Not to say it is necessarily unconstitutional, but just government didn’t act like there was a constitution that constrained its power. They just did whatever they wanted. That is continuing as if the judge never made that judgment and said government needs to take our Constitution seriously. It is really just a circus.
On the logic behind the beach ban:
[There’s] a point that I’ve been trying to emphasise actually for a few years now, and that is this idea of the rule of law. Most people talk about the rule of law, and it’s just this filler term that we use to mean good governance or good feelings. But there is some substance to it. One of the big things that the rule of law as a legal doctrine entails, is that discretion needs to be circumscribed, defined and limited.
I don’t know if Minister Nkosazana Dlamini-Zuma is in fact involved, but you open the door to regulations being used for corrupt purposes. When you say the minister can do X if it’s in the public interest, that’s a very open-ended type of enabling power. That is exactly what the Disaster Management Act gives the minister of co-operative governance and traditional affairs, which is Minister Dlamini-Zuma. She has been given that power by law to essentially shoot from the hip.
That is what the Disaster Management Act empowers her to do, and that does empower her to use that for corrupt ends. The rule of law thing to do, as it were, would be to amend the Disaster Management Act and actually put in limits on on how this power can be exercised.
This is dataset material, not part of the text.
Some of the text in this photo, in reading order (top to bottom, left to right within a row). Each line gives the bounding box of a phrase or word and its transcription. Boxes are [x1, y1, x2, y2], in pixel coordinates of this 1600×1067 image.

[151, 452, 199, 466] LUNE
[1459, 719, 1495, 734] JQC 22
You need the law and the rule of law to put real limits on government to say, ‘if the private sector is able to enforce its own social distancing and hygienic requirements, then it should be allowed to do that’. I think we are able to do that in South Africa and we should be allowed to do that. The government is not a parent. It is a servant, according to our theory of democracy, at least.
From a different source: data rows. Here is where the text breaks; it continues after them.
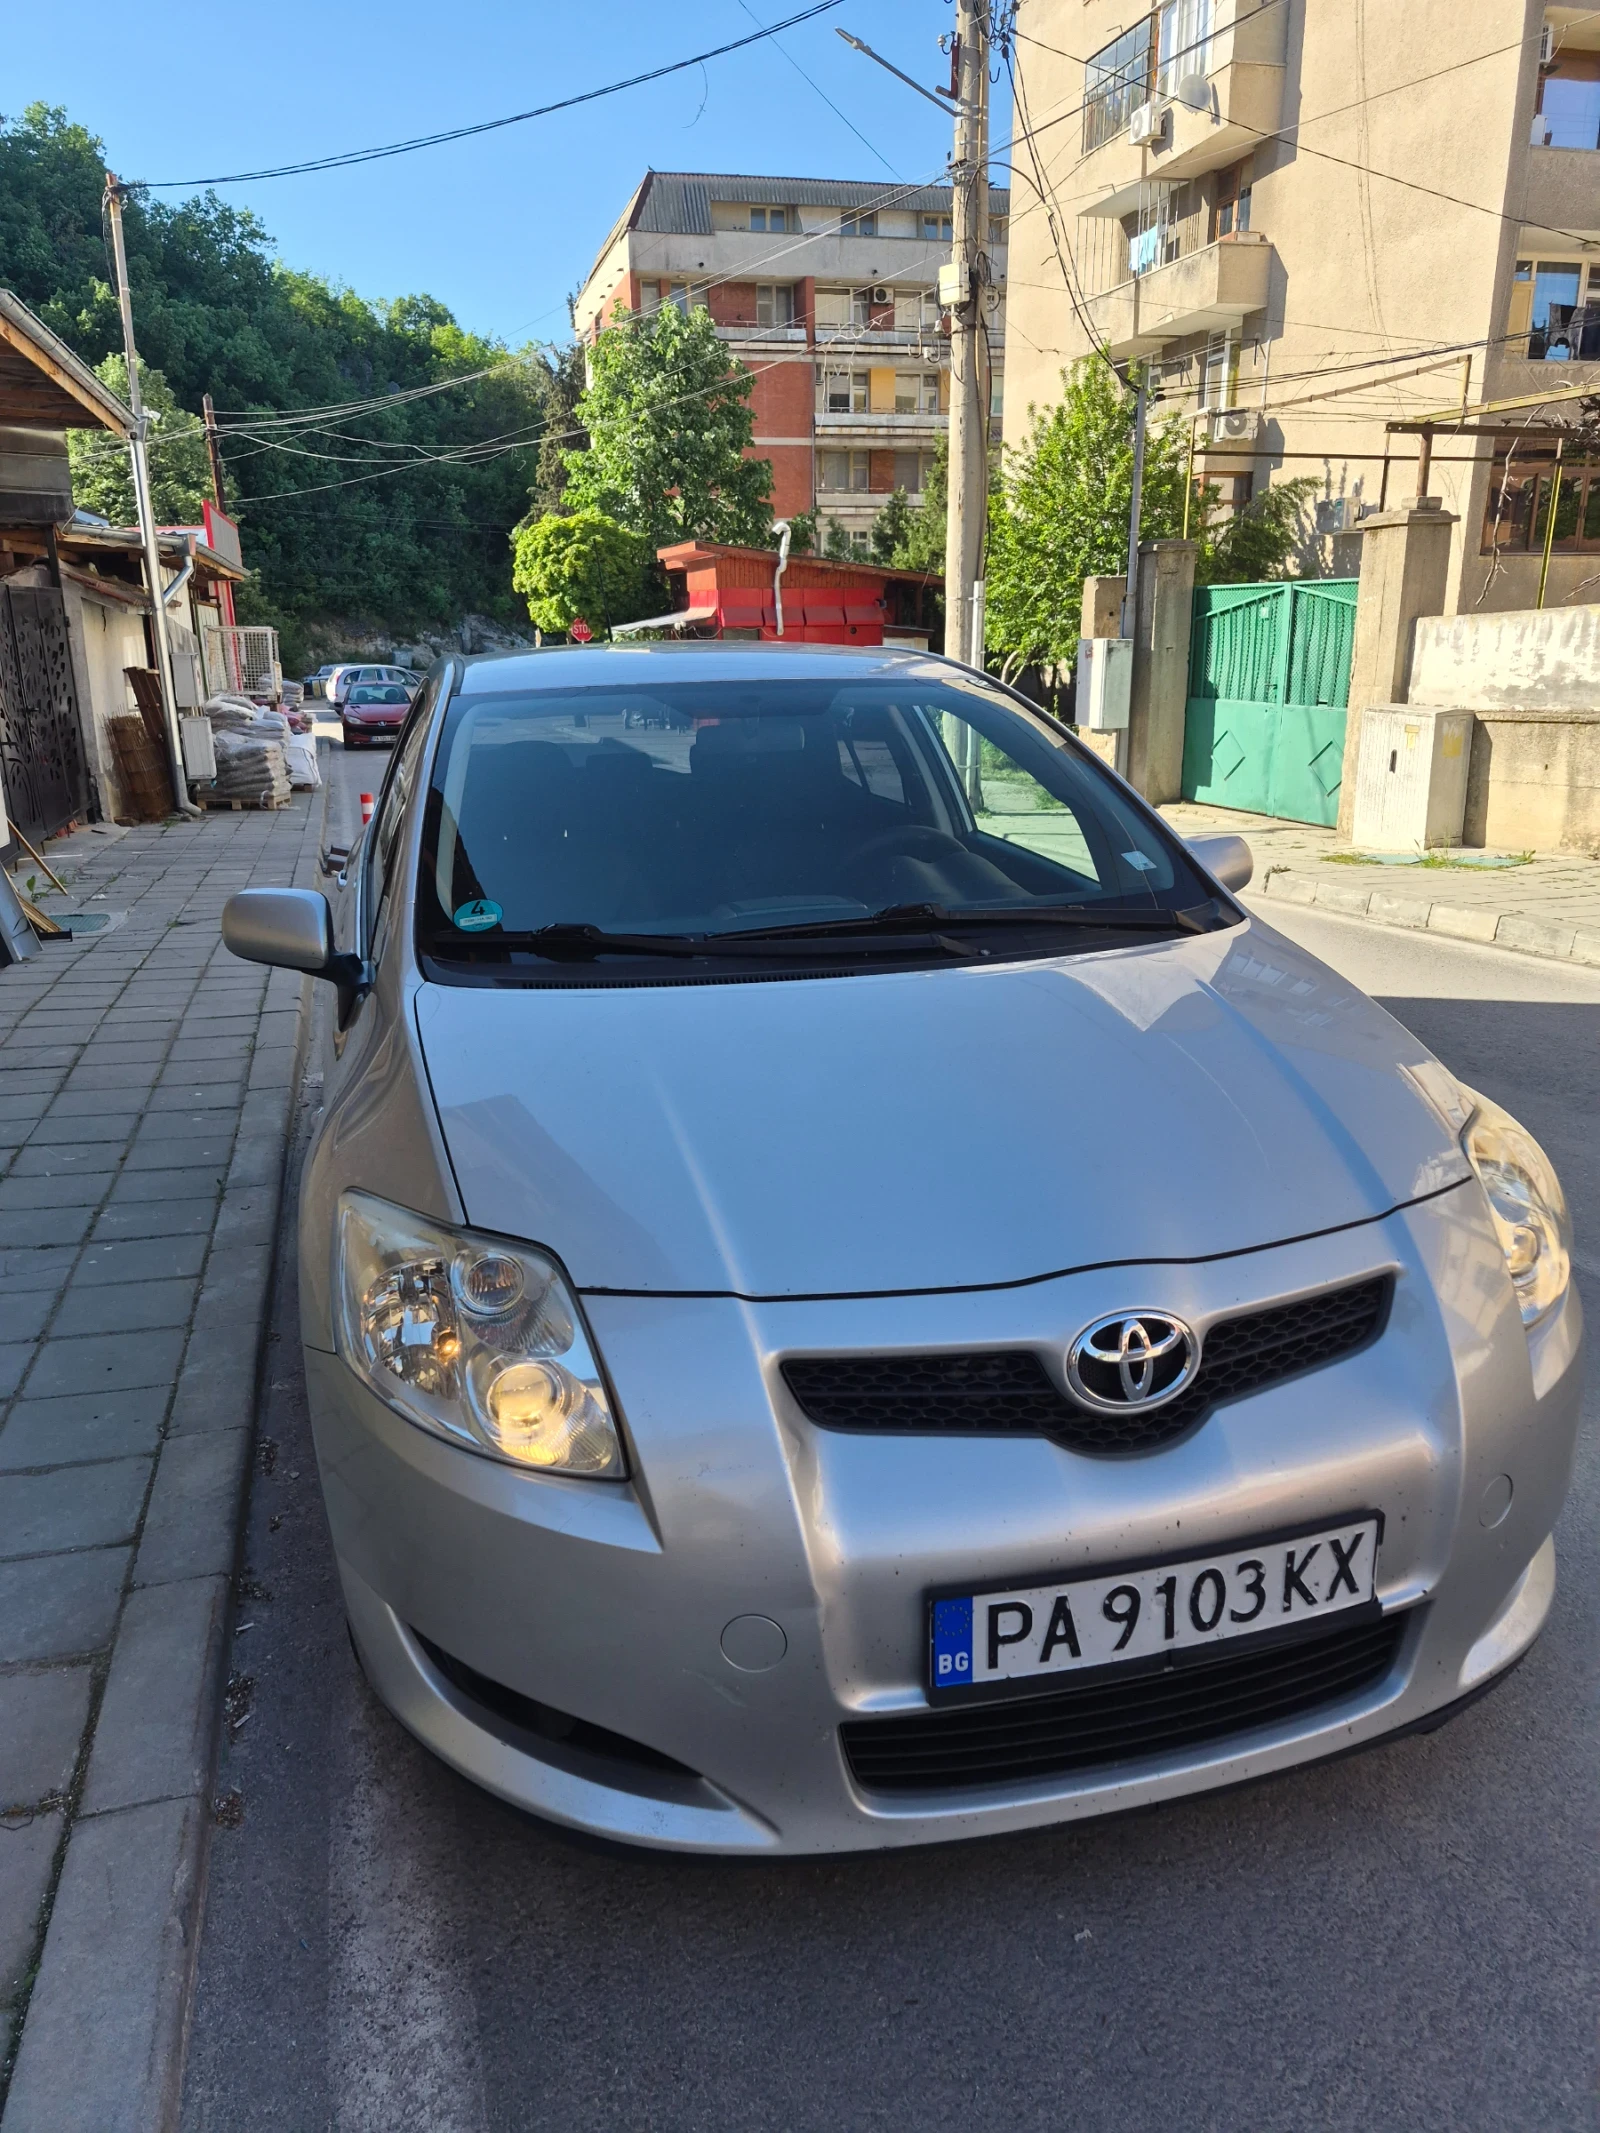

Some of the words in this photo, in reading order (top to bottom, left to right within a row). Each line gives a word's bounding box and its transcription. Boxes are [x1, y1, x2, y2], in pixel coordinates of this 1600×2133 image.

[573, 624, 591, 634] STO
[471, 901, 485, 915] 4
[987, 1594, 1083, 1670] PA
[1102, 1558, 1268, 1652] 9103
[1281, 1531, 1366, 1613] KX
[938, 1652, 969, 1675] BG
Now, as far as the thinking that went into the beach regulation, I have no idea. I am astounded that I continue to be surprised by the types of things that our government does in its moments of regulation making. Seriously, this was one of them. Because a beach is probably one of the safest places for you to be, during a pandemic where the virus is transmitted from person to person. Beaches tend to be very open. Beaches tend to be quite windy. That is exactly the place where you want to be.
We’re all just waiting in trepidation, I guess, for the renewed ban on tobacco to also come back. Government has said it won’t do that again, but you never take this government at its word. So SAB (South African Breweries) – one of our largest liquor companies in South Africa – has announced that it’s withdrawing something like R2 million in investment from the country, because it simply cannot deal with this anymore.
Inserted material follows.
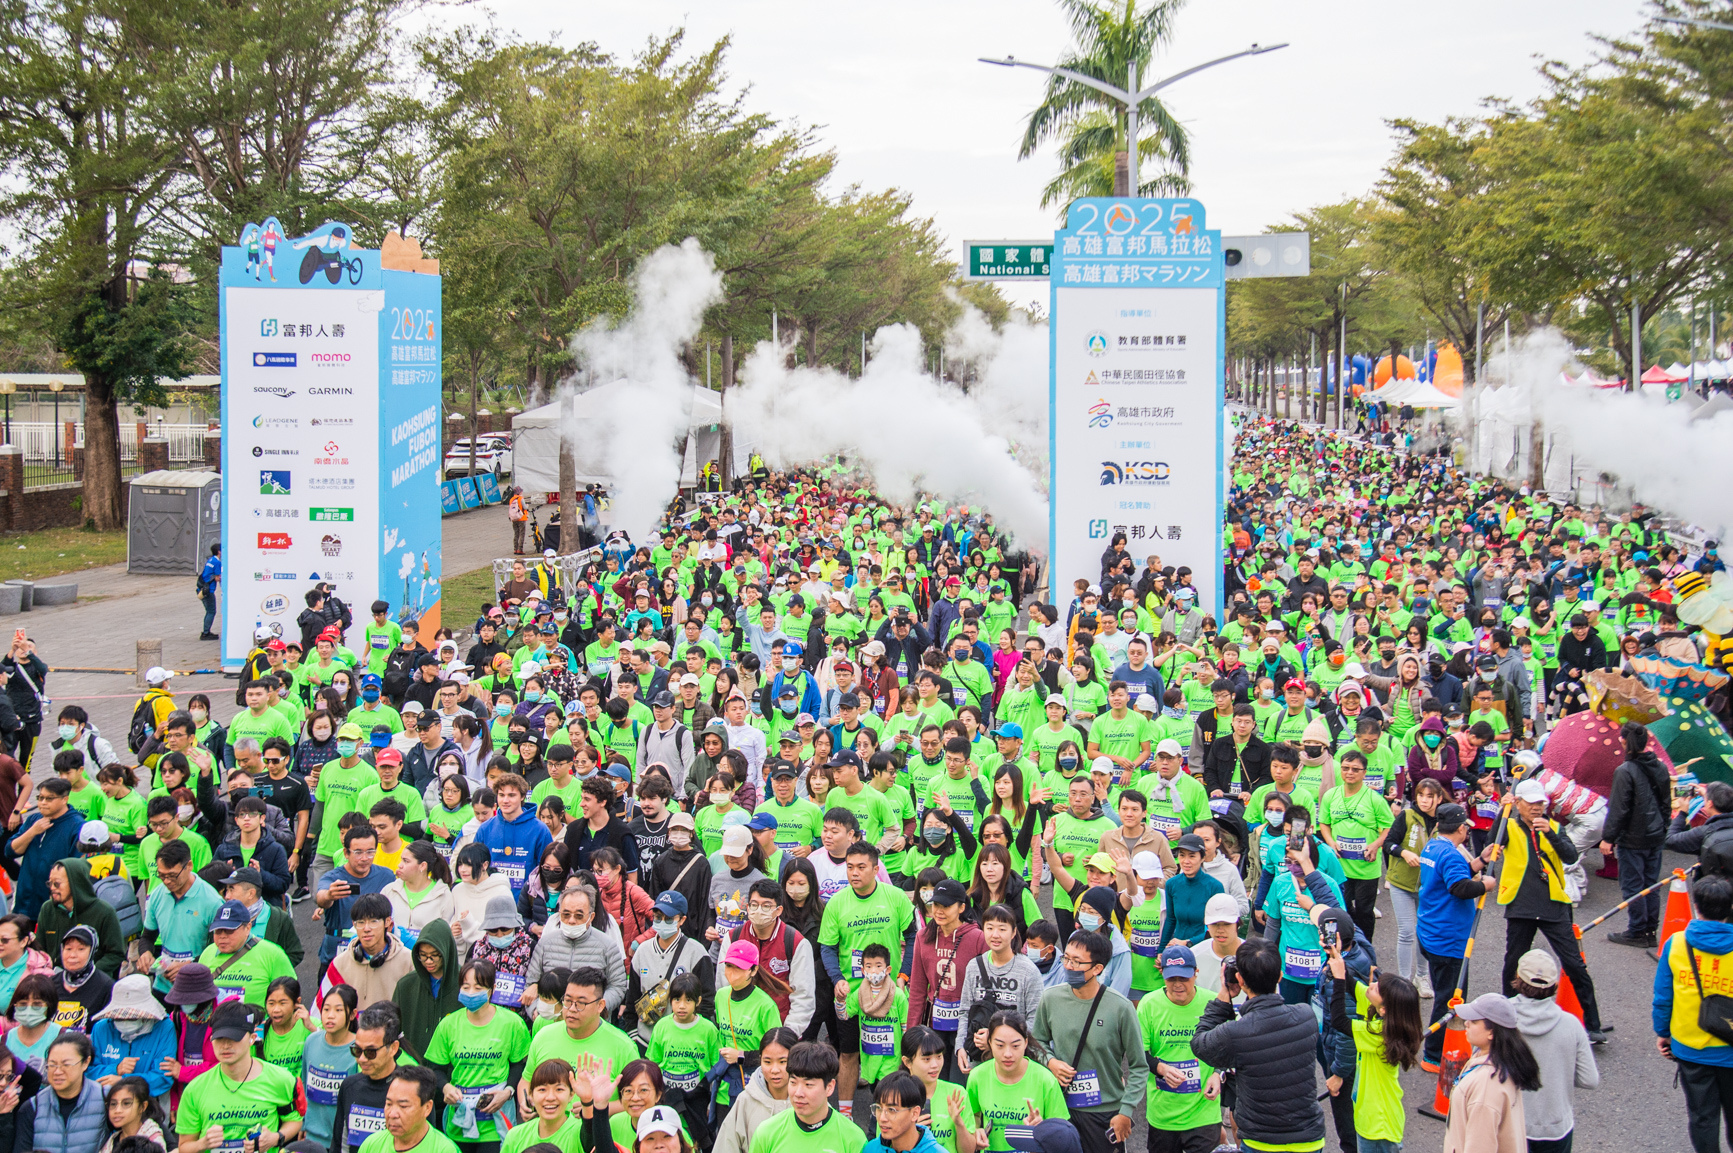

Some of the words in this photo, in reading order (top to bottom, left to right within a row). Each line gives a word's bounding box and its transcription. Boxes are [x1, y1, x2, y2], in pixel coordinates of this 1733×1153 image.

Then alcohol is allowed and then it’s not – as if alcohol has any noticeable influence on whether you contracted the disease or not. At one point, I think, some of the ministers said that alcohol is prohibited because when people drink, they are gathering with other people. But the regulations already regulate gatherings. Why then go the extra mile and prohibit people from having a beer alone at home?
That is, on the face of it, irrational. But to me, it betrays the obvious agenda that government is approaching the Covid-19 pandemic from, and that is to almost test the limits of how far it can get in socially engineering our society. I think it’s proving to itself that it can go very far, in socially engineering society. To me, it’s a question of liberty. It’s a question of if we allow government to so strictly and terribly regulate this one thing, it simply means that government is going to do it in other respects as well.